YOUR ASSIGNMENT – For every line below that includes the word "Coca", add one; report the final number and nothing else.

DATA FOR THIS TASK –

════

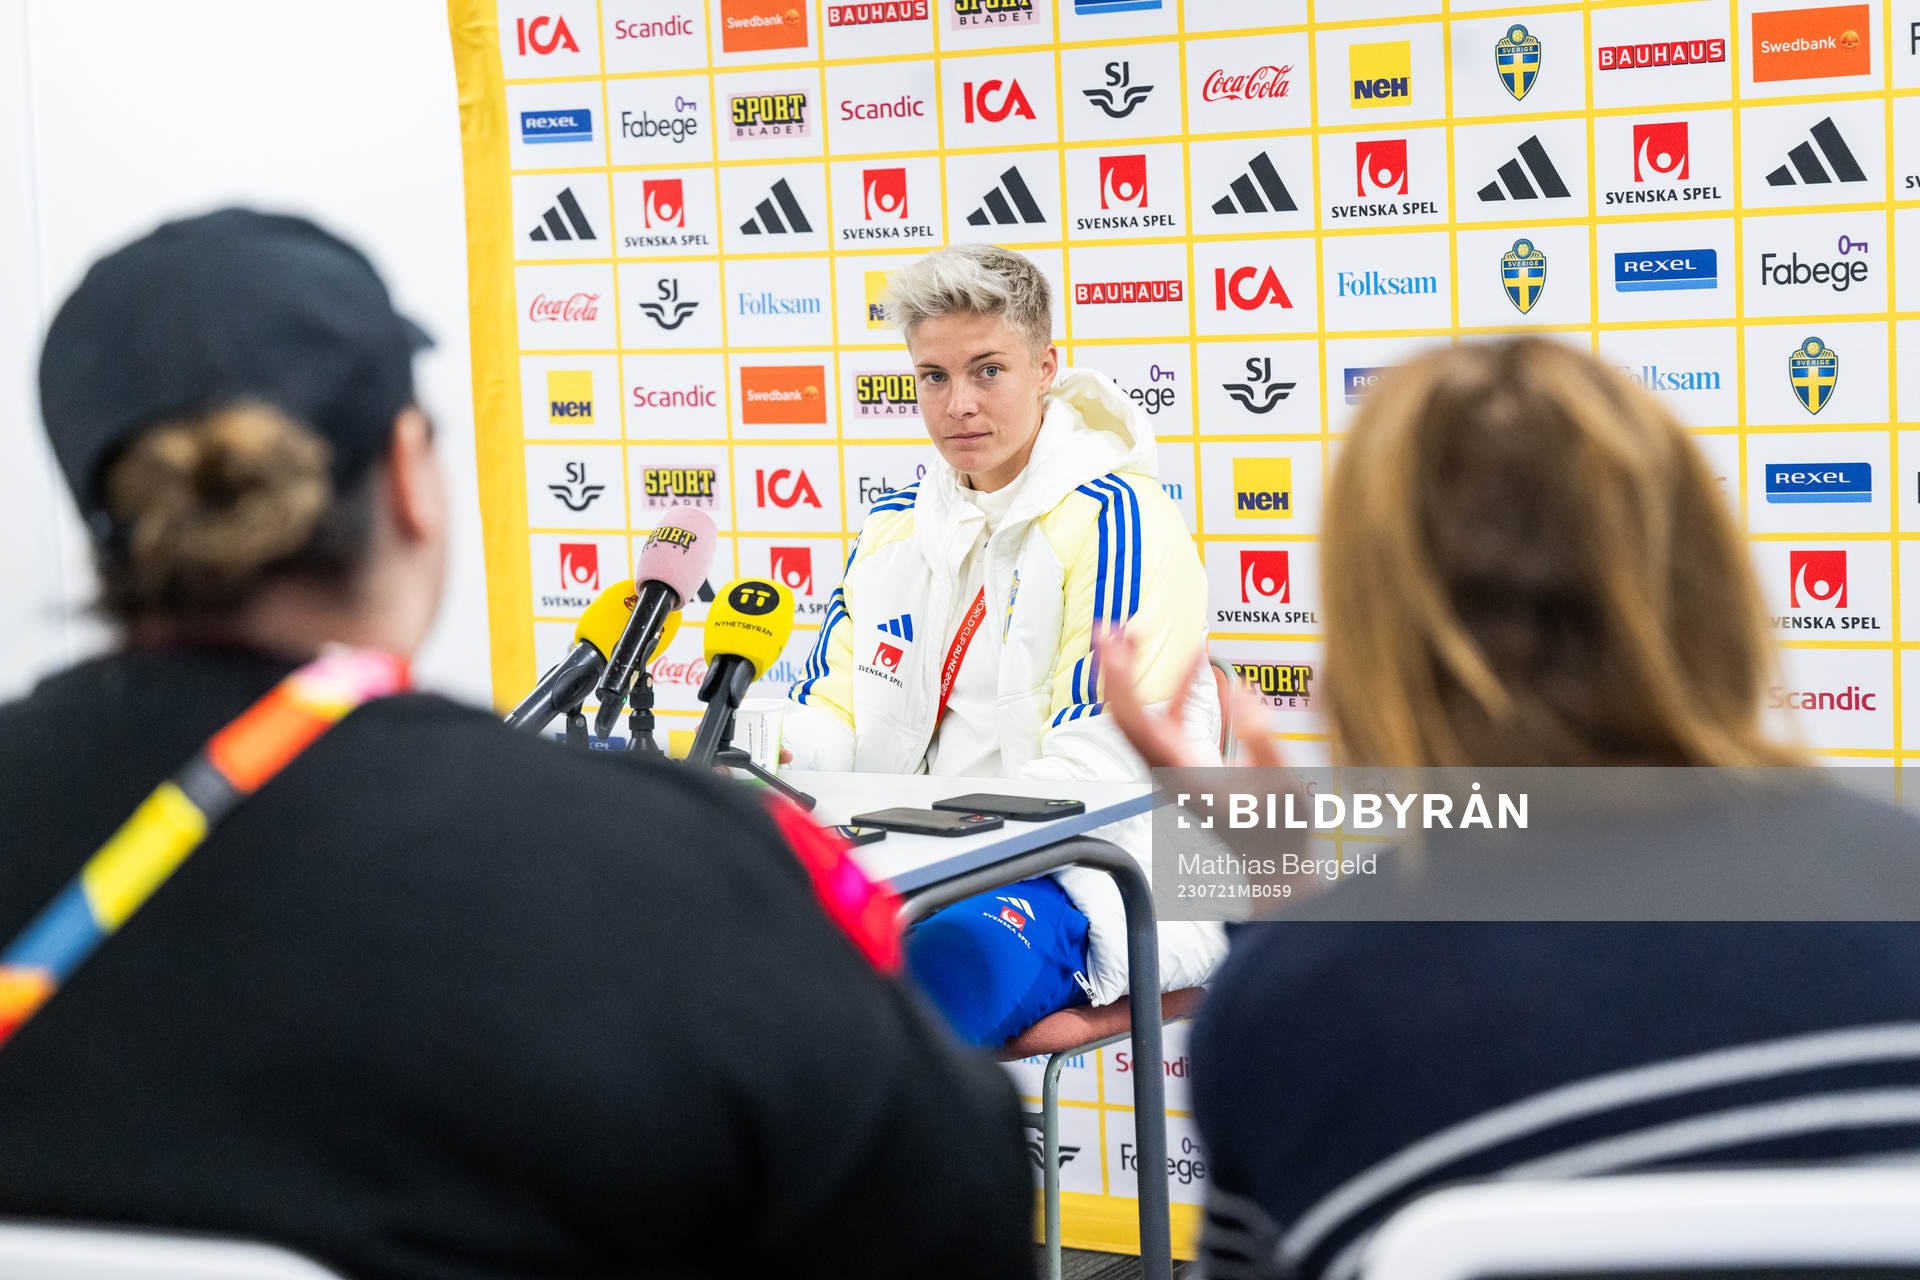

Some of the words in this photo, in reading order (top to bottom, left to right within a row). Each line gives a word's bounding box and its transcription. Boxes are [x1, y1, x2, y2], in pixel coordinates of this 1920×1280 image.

[727, 13, 783, 30] Swedbank
[829, 2, 927, 24] BAUHAUS
[959, 11, 1033, 25] BLADET
[517, 15, 580, 56] ICA
[615, 15, 694, 39] Scandic
[1502, 45, 1535, 54] SVERIGE
[1600, 40, 1724, 68] BAUHAUS
[1761, 35, 1837, 54] Swedbank
[1105, 61, 1130, 87] SJ
[1202, 64, 1295, 102] Coca-Cola
[732, 93, 807, 126] SPORT
[840, 95, 925, 121] Scandic
[963, 78, 1037, 123] ICA
[621, 110, 698, 143] Fabege
[736, 124, 806, 136] BLADET
[1605, 188, 1678, 205] SVENSKA
[1683, 186, 1721, 201] SPEL
[1077, 216, 1139, 230] SVENSKA
[1143, 214, 1175, 227] SPEL
[1331, 204, 1398, 218] SVENSKA
[1402, 202, 1438, 215] SPEL
[625, 235, 679, 248] SVENSKA
[682, 234, 709, 246] SPEL
[843, 227, 901, 240] SVENSKA
[904, 225, 934, 237] SPEL
[1507, 259, 1539, 268] SVERIGE
[1761, 252, 1868, 291] Fabege
[658, 279, 678, 301] SJ
[1076, 280, 1182, 304] BAUHAUS
[1215, 265, 1294, 311] ICA
[1338, 271, 1437, 297] Folksam
[739, 291, 821, 316] Folksam
[1246, 356, 1270, 383] SJ
[1796, 357, 1830, 367] SVERIGE
[856, 374, 919, 405] SPOR
[1616, 365, 1720, 391] lksam
[633, 385, 717, 408] Scandic
[747, 388, 802, 402] Swedbank
[861, 406, 919, 415] BLADE
[566, 462, 586, 483] SJ
[644, 467, 716, 499] SPORT
[756, 468, 822, 508] ICA
[649, 497, 714, 507] BLADET
[648, 526, 698, 550] PORT
[1217, 610, 1280, 623] SVENSKA
[1285, 611, 1319, 624] SPEL
[1771, 617, 1836, 630] VENSKA
[1841, 616, 1880, 630] SPEL
[652, 657, 706, 686] Coca-Co
[858, 664, 889, 681] SVENSKA
[889, 677, 904, 688] SPEL
[1260, 697, 1311, 708] ADET
[1768, 686, 1877, 711] Scandic
[982, 912, 1017, 934] SVENSKA
[1017, 933, 1032, 949] SPEL
[1120, 1143, 1207, 1185] Fege

════

ANSWER TO THE EXERCISE – 2